━━━ Dataset extract ━━━

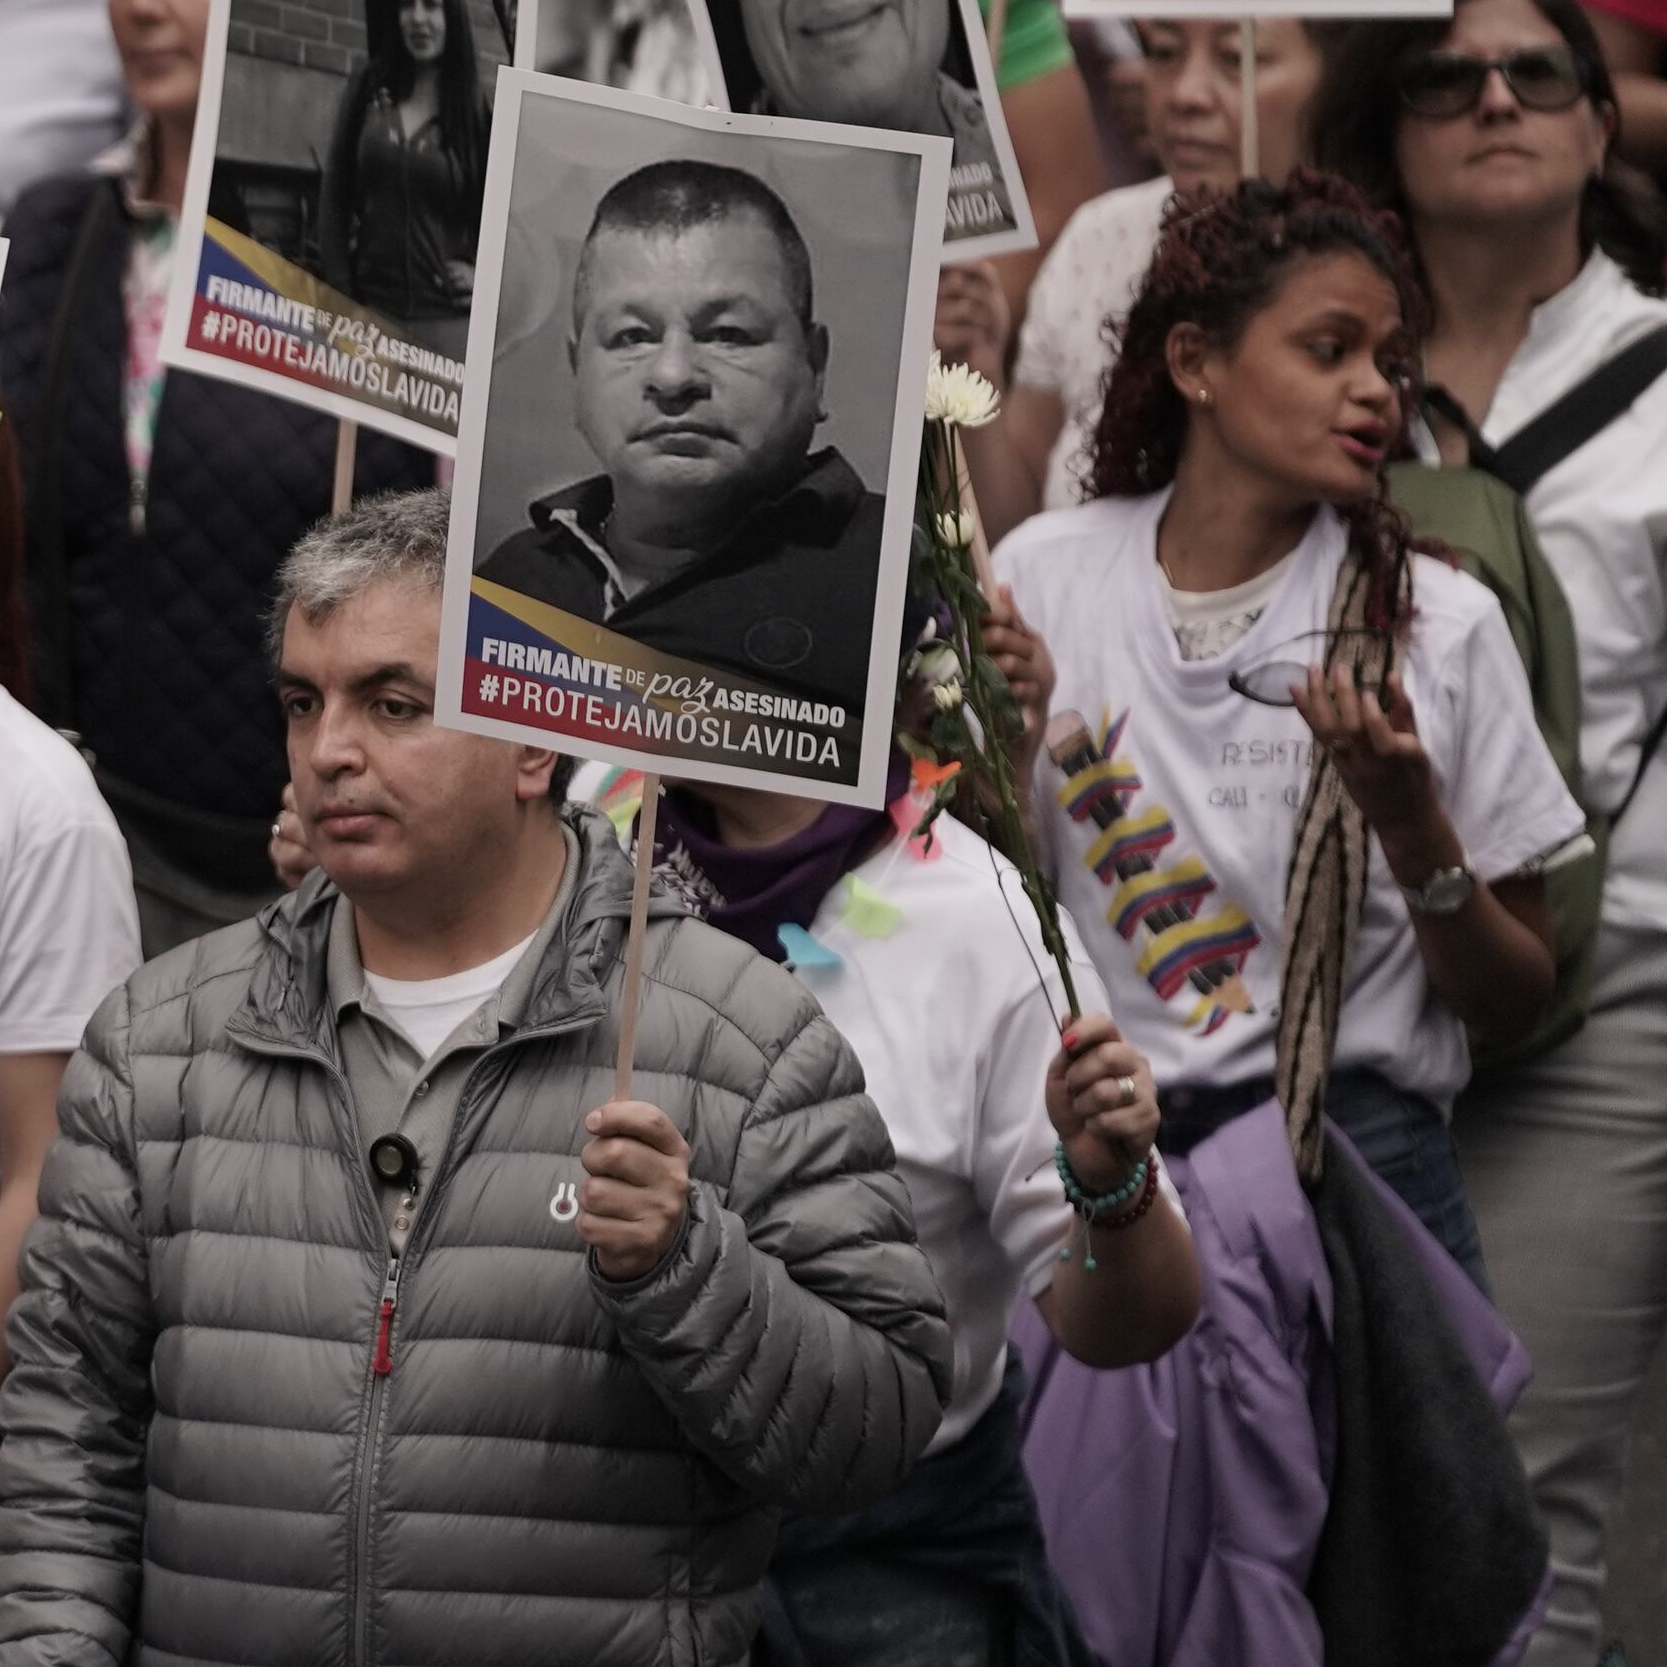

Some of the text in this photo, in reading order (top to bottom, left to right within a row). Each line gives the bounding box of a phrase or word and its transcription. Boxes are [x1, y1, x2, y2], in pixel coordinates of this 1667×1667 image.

[202, 309, 458, 424] #PROTEJAMOSLAVIDA
[207, 274, 315, 333] FIRMANTE
[327, 314, 380, 358] paz
[378, 335, 465, 384] ASESINADO
[479, 674, 841, 768] #PROTEJAMOSLAVIDA
[482, 637, 845, 728] FIRMANTE DE paz ASESINADO

━━━

**Work instruction:**
Write out all the entries precisely as given, omitting each image.

**Output for this exercise:**
Some of the text in this photo, in reading order (top to bottom, left to right within a row). Each line gives the bounding box of a phrase or word and its transcription. Boxes are [x1, y1, x2, y2], in pixel coordinates of this 1667×1667 image.

[202, 309, 458, 424] #PROTEJAMOSLAVIDA
[207, 274, 315, 333] FIRMANTE
[327, 314, 380, 358] paz
[378, 335, 465, 384] ASESINADO
[479, 674, 841, 768] #PROTEJAMOSLAVIDA
[482, 637, 845, 728] FIRMANTE DE paz ASESINADO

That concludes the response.